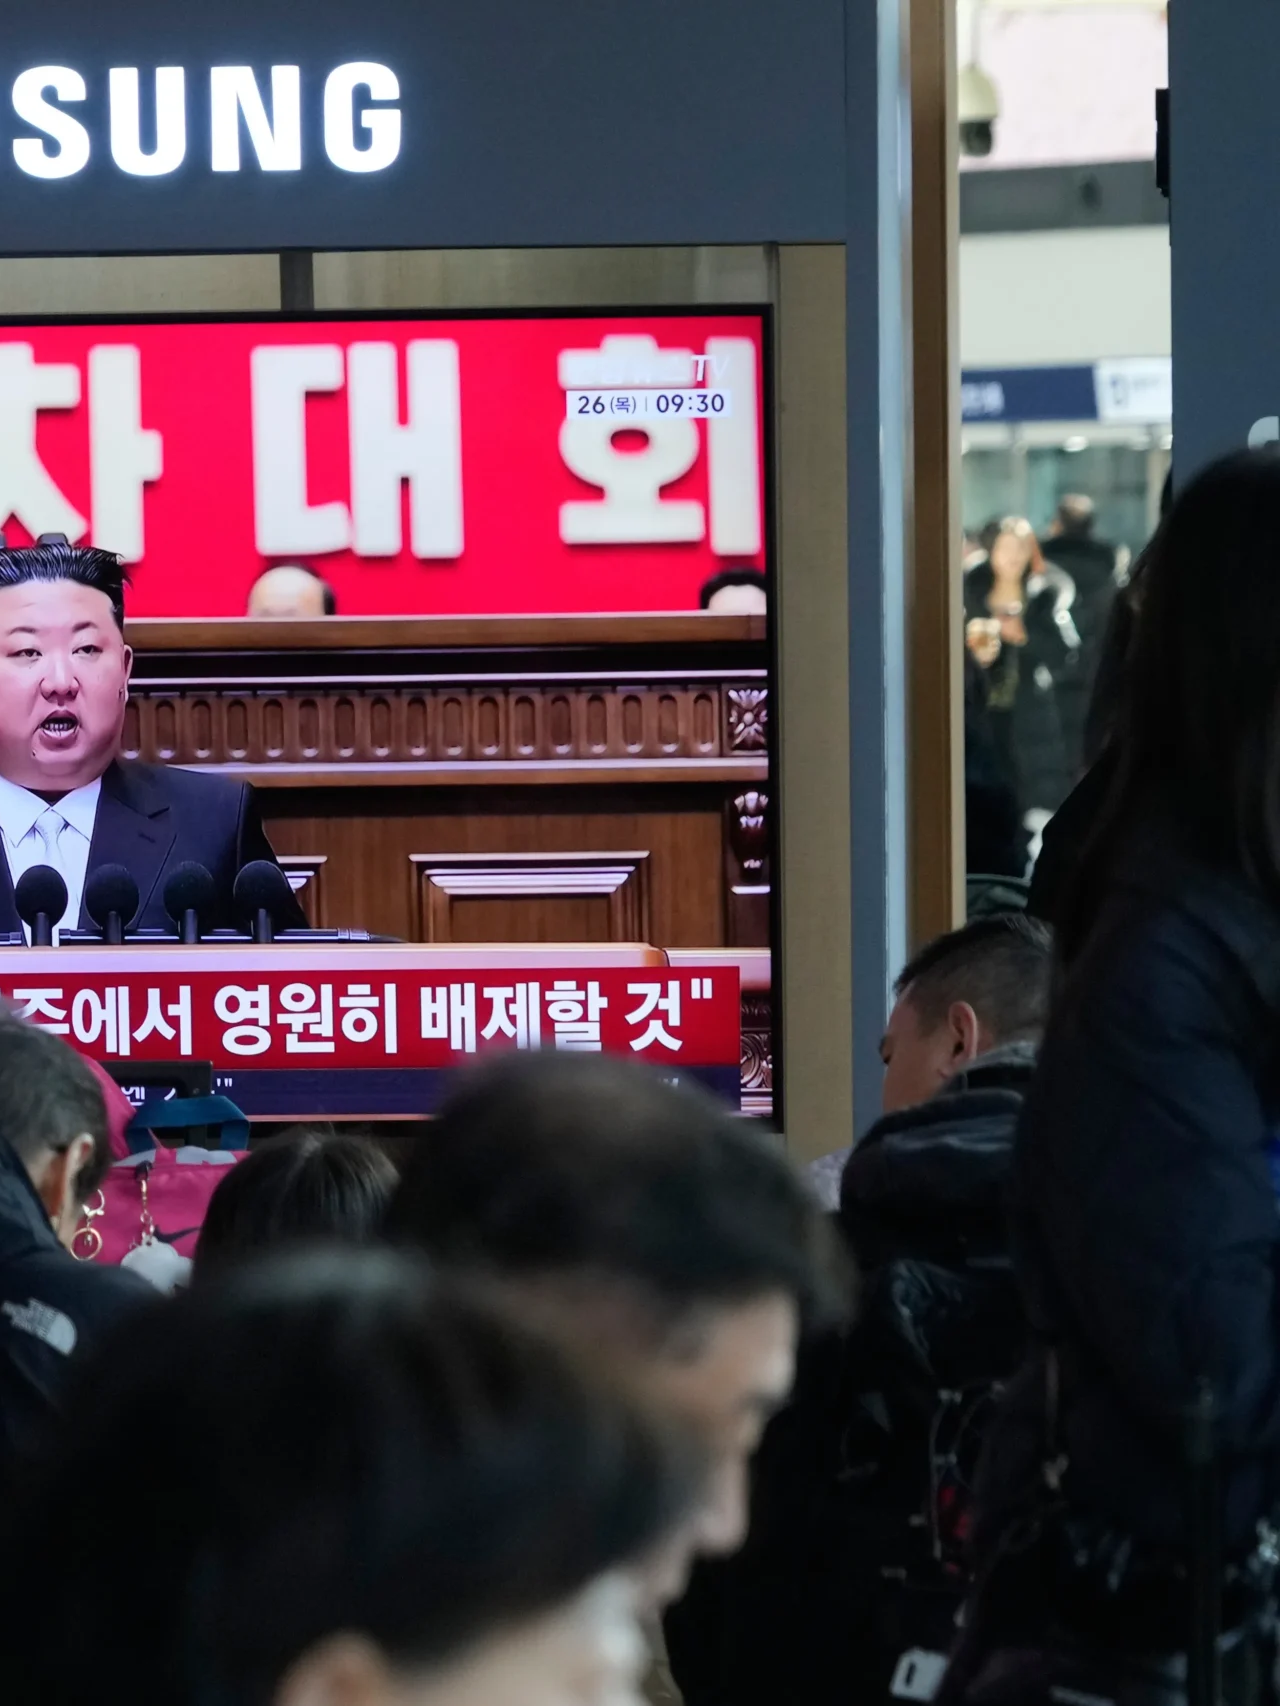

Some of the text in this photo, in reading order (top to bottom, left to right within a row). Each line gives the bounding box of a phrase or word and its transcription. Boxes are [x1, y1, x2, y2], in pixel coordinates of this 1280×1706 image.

[656, 393, 725, 413] 09:30
[213, 982, 399, 1057] 영원히
[420, 980, 608, 1053] 배제할
[624, 977, 713, 1052] 것"
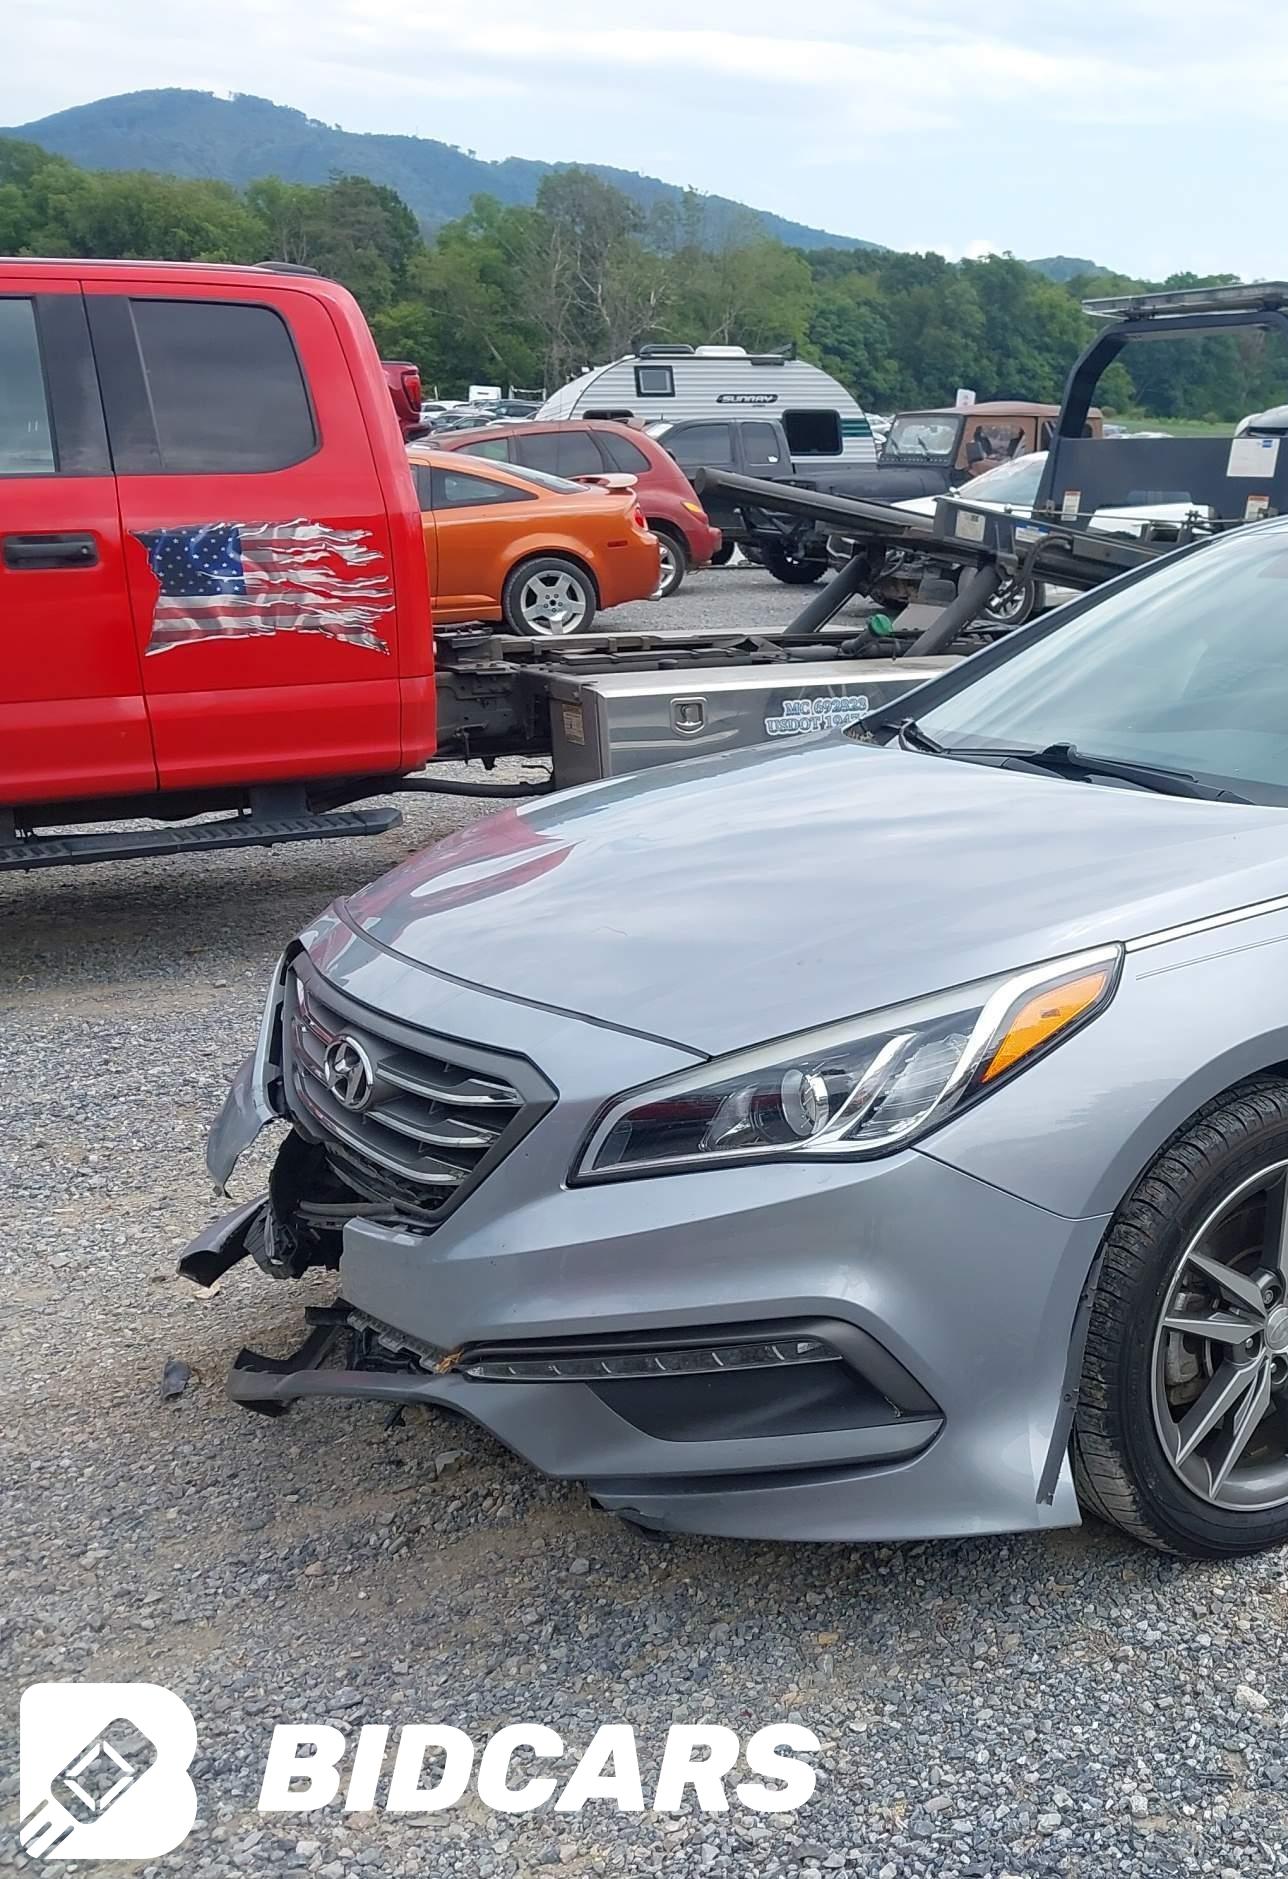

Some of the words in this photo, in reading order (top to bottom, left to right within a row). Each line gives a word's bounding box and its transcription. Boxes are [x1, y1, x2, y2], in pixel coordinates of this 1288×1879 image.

### Prompt
Set down all of the material above exactly as written, leaving the pictures out.

### The answer
Some of the text in this photo, in reading order (top to bottom, left to right within a row). Each line gives the bounding box of a phrase or word and its transcription. Boxes are [x1, y1, x2, y2], in pixel coordinates of this 1280×1706 image.

[656, 393, 725, 413] 09:30
[213, 982, 399, 1057] 영원히
[420, 980, 608, 1053] 배제할
[624, 977, 713, 1052] 것"

Some of the words in this photo, in reading order (top to bottom, left to right within a row). Each line gives a word's bounding box and its transcription. Boxes are [x1, y1, x2, y2], in pixel coordinates of this 1288×1879 image.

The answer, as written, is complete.